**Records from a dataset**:
-- Opening Marker --
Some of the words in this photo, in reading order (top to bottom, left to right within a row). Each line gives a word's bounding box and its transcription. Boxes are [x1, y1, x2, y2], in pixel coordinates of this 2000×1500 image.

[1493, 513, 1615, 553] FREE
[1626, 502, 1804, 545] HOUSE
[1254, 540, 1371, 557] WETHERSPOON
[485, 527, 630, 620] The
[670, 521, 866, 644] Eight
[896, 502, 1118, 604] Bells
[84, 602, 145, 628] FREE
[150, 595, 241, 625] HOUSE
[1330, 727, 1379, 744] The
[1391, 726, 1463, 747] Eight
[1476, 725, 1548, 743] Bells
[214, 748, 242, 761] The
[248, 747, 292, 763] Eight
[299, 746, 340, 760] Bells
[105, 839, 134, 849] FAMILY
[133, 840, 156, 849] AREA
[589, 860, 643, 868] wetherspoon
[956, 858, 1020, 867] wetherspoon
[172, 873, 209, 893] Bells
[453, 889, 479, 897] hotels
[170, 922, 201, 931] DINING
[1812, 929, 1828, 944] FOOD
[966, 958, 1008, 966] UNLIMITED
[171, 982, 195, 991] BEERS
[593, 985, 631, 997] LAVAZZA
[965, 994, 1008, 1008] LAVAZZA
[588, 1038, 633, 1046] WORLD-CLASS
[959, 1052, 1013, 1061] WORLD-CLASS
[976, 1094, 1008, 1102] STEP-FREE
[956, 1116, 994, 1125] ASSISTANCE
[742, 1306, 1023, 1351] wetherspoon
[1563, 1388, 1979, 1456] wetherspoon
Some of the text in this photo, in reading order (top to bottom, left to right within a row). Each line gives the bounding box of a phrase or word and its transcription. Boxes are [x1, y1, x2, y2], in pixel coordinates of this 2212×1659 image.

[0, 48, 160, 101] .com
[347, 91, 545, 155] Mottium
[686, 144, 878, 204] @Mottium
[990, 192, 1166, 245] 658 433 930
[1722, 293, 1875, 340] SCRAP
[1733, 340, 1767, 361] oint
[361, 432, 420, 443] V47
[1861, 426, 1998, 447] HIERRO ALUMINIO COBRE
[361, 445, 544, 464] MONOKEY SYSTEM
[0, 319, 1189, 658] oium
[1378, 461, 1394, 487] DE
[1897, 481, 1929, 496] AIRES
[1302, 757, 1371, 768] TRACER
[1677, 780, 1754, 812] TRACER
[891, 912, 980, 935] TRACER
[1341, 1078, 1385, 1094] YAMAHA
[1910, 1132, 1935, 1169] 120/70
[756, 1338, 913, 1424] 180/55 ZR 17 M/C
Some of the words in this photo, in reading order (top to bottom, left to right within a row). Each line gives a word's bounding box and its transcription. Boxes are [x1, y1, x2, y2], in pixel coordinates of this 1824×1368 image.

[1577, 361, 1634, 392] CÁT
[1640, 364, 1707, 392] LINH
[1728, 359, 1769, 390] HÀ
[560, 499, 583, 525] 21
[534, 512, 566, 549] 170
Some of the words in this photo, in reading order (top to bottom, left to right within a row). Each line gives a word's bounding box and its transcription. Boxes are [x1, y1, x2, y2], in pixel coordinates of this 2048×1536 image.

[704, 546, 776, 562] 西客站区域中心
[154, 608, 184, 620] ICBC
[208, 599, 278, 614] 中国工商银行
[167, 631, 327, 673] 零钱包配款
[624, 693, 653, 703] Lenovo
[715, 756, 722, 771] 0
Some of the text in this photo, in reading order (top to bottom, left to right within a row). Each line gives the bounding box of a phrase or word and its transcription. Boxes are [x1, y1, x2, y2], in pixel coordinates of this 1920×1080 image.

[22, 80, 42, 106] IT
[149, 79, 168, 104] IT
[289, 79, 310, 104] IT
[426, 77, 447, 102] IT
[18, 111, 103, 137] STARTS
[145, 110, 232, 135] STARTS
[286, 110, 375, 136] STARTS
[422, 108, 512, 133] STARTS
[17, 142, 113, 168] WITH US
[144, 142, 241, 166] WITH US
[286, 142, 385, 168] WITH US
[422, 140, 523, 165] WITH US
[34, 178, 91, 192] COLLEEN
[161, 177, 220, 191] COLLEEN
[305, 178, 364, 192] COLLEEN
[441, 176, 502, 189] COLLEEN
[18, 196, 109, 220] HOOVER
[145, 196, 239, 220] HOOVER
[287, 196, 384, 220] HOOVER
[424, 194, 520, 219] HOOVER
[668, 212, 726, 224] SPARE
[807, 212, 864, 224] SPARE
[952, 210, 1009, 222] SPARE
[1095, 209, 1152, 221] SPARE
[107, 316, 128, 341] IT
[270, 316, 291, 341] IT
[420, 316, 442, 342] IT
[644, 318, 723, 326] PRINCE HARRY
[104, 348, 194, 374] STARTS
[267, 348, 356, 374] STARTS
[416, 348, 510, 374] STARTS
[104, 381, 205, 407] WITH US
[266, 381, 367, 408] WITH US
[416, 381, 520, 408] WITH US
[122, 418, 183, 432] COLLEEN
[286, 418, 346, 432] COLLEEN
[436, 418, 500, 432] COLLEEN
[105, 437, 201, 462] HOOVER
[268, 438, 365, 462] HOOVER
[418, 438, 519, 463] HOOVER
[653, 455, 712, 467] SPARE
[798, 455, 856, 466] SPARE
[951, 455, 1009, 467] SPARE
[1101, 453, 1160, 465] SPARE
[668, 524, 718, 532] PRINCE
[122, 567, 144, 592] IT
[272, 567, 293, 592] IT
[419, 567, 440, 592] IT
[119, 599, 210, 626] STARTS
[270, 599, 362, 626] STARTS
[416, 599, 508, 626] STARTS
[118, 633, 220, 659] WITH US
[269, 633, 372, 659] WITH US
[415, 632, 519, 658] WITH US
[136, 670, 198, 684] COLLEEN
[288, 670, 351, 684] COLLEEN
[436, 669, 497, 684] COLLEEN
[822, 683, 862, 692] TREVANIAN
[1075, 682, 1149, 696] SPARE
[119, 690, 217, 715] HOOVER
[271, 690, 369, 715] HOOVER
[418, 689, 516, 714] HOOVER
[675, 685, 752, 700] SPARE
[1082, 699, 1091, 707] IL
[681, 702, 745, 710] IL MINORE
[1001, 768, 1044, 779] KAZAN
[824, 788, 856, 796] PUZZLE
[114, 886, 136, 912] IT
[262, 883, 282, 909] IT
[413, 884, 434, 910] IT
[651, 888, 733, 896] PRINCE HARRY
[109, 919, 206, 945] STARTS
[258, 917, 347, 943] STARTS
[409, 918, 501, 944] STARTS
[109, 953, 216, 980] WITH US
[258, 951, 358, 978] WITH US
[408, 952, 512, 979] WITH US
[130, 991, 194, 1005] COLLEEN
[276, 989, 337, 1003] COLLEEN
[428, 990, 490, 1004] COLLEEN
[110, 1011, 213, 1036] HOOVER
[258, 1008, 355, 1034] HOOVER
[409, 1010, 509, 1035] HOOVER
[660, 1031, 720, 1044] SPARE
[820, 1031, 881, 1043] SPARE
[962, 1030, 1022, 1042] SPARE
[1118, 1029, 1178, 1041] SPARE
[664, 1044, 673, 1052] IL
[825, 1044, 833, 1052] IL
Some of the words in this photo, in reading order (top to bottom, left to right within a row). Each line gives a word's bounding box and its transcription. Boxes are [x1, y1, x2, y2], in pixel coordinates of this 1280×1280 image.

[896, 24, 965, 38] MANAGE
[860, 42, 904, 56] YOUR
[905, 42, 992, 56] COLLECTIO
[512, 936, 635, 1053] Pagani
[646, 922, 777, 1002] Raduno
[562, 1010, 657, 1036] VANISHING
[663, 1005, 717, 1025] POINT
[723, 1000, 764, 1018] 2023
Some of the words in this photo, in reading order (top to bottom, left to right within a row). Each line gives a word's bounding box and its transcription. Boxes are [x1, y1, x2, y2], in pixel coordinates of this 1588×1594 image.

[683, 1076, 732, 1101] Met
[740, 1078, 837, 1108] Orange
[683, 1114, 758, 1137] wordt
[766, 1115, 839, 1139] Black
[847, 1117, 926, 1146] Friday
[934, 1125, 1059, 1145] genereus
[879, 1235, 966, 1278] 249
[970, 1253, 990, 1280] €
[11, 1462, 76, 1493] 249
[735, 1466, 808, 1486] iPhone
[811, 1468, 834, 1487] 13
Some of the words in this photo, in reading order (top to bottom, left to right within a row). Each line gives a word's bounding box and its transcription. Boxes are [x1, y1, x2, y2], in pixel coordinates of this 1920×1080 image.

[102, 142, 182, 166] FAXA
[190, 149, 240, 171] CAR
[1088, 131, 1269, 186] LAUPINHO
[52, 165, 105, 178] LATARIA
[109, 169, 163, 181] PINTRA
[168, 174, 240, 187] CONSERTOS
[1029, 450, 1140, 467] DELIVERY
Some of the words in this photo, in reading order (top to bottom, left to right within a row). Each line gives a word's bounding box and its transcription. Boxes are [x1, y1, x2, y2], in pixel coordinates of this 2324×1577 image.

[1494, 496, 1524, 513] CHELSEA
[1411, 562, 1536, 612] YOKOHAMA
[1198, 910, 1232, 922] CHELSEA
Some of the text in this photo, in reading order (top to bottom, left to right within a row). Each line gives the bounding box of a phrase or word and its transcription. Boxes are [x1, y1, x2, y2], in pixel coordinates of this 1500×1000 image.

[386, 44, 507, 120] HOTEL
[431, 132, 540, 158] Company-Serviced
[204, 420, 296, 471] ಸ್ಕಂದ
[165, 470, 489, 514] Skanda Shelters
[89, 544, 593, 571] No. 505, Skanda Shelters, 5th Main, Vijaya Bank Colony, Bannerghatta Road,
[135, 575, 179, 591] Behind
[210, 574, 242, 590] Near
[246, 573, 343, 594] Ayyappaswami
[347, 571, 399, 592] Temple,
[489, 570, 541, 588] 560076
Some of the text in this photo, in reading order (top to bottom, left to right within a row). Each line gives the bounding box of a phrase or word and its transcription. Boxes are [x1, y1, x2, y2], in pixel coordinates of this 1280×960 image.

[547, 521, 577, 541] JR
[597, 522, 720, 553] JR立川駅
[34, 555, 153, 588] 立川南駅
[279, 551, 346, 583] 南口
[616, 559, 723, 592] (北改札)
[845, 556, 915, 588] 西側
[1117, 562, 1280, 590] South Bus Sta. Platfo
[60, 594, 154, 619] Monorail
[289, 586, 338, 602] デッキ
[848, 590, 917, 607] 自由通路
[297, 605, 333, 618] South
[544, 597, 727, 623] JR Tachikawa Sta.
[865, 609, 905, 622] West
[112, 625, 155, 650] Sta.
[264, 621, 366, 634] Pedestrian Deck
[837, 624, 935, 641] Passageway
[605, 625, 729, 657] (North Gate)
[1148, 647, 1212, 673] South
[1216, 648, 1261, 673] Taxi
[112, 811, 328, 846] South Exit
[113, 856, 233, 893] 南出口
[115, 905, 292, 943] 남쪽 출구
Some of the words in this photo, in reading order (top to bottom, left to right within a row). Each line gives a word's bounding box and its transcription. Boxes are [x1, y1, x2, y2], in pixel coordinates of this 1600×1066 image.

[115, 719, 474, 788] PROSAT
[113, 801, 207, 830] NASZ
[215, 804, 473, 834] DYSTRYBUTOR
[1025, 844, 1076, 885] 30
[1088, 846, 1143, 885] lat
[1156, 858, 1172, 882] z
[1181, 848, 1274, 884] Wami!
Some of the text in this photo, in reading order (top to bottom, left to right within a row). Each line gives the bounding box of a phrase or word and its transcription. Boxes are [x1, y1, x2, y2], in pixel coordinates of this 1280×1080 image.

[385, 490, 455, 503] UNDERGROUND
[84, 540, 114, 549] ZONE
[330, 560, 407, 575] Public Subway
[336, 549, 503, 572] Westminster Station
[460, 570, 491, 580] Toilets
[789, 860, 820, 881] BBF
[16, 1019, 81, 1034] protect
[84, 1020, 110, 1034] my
-- Closing Marker --
Begin with the line that contains "this 1280×1080 image." and set down each line exactly until the records above end, including the final line.

**SOLUTION TO THE EXERCISE**:
Some of the text in this photo, in reading order (top to bottom, left to right within a row). Each line gives the bounding box of a phrase or word and its transcription. Boxes are [x1, y1, x2, y2], in pixel coordinates of this 1280×1080 image.

[385, 490, 455, 503] UNDERGROUND
[84, 540, 114, 549] ZONE
[330, 560, 407, 575] Public Subway
[336, 549, 503, 572] Westminster Station
[460, 570, 491, 580] Toilets
[789, 860, 820, 881] BBF
[16, 1019, 81, 1034] protect
[84, 1020, 110, 1034] my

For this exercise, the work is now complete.